Le développement des technologies spatiales, dans lequel l’Afrique du Sud est la nation la plus avancée du continent, est un souhait partagé par tous et impliquant tout le monde, ont souligné à plusieurs reprises les différents orateurs. Lors de l’ouverture du Congrès le 3 octobre, la ministre sud-africaine pour la Science et la Technologie, Naledi Pandor, a déclaré que l’Afrique du Sud « a énormément à offrir aux autres pays du continent ». Pour elle, un « domaine qui rassemble en Afrique du Sud 2000 scientifiques venus du monde entier, mérite très certainement d’importants investissements de la part du Gouvernement ».

Si le développement de la recherche et de l’industrie spatiales contribuera largement au développement de l’agriculture, des communications, de la médecine, de l’éducation et des hautes technologies en Afrique, ce n’est rien en soi comparé à ce qu’apporte véritablement une culture de la découverte des lois de l’univers, a souligné le Dr Malinga : « La science, c’est l’imagination et l’émerveillement. Et ces choses-là justifient largement nos dépenses en faveur de l’exploration spatiale. »

« Space or suicide, Yes we can ! »

Lors d’une session sur l’exploration martienne, un membre de la délégation du Mozambique, Emmanuel Etrakakis, a déclaré que la solution à la crise économique mondiale est de lancer un programme martien habité.
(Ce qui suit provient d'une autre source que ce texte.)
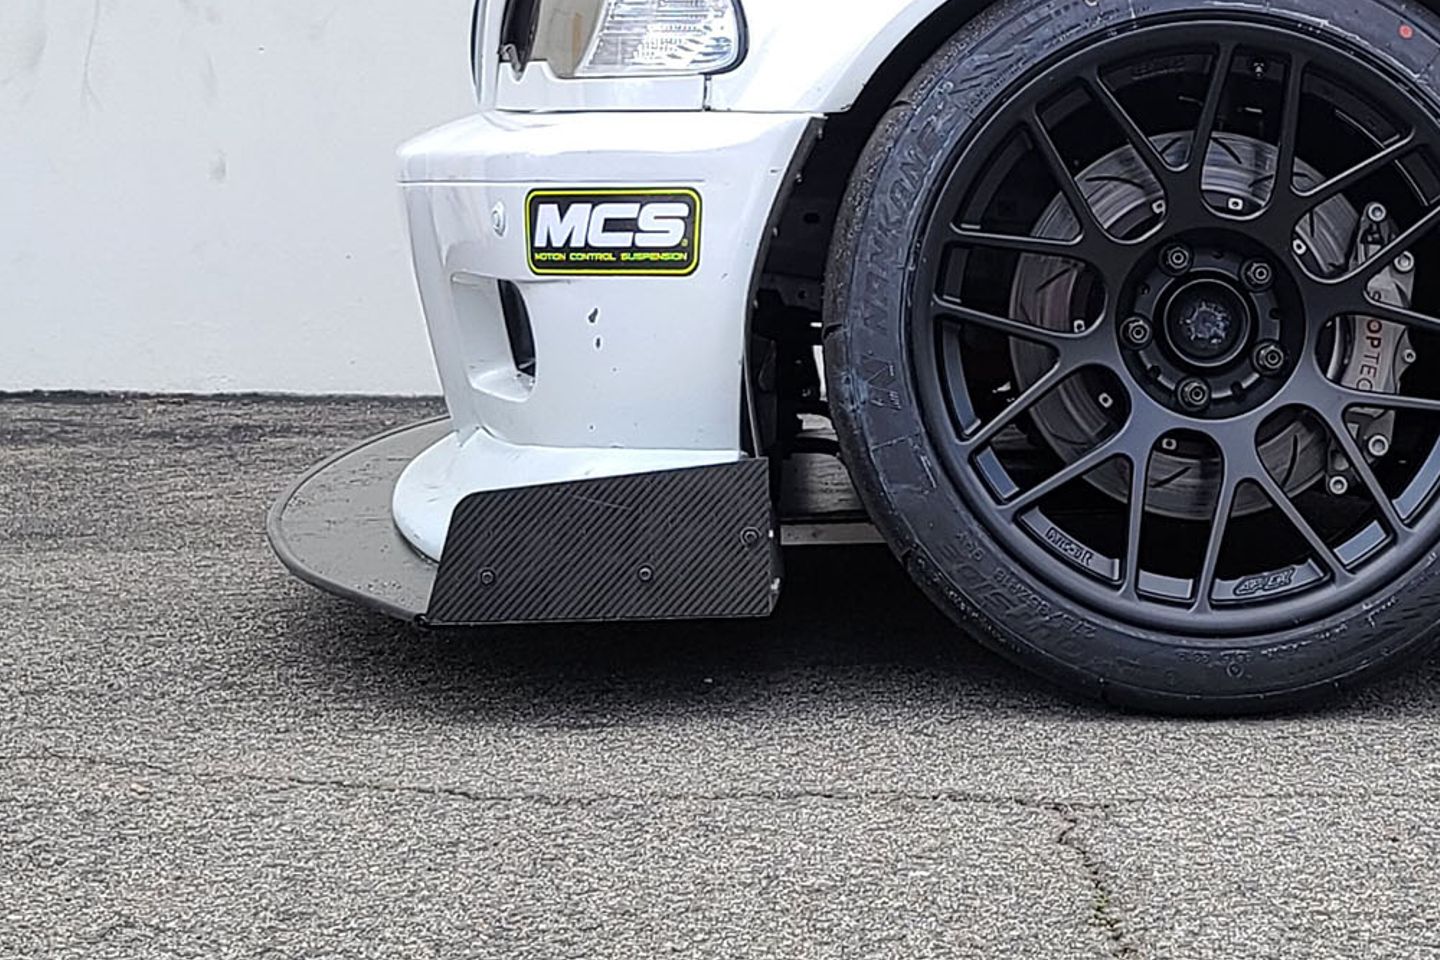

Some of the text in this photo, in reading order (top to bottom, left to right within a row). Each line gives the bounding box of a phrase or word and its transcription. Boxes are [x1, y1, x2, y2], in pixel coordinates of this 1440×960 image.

Dans sa contribution intitulée « L’espace ou le suicide, Yes we can », Etrakakis affirme à propos que les plans de renflouement financier sont un échec et qu’il est urgent de lancer une politique de nouvelle frontière pour redonner une direction à l’humanité. « L’Histoire nous enseigne que dès lors que l’on ouvre à la société une nouvelle dimension dans laquelle croître, elle a toujours fleuri », a-t-il dit. Une mission vers Mars serait « un véritable catalyseur et garantirait une relance économique mondiale ».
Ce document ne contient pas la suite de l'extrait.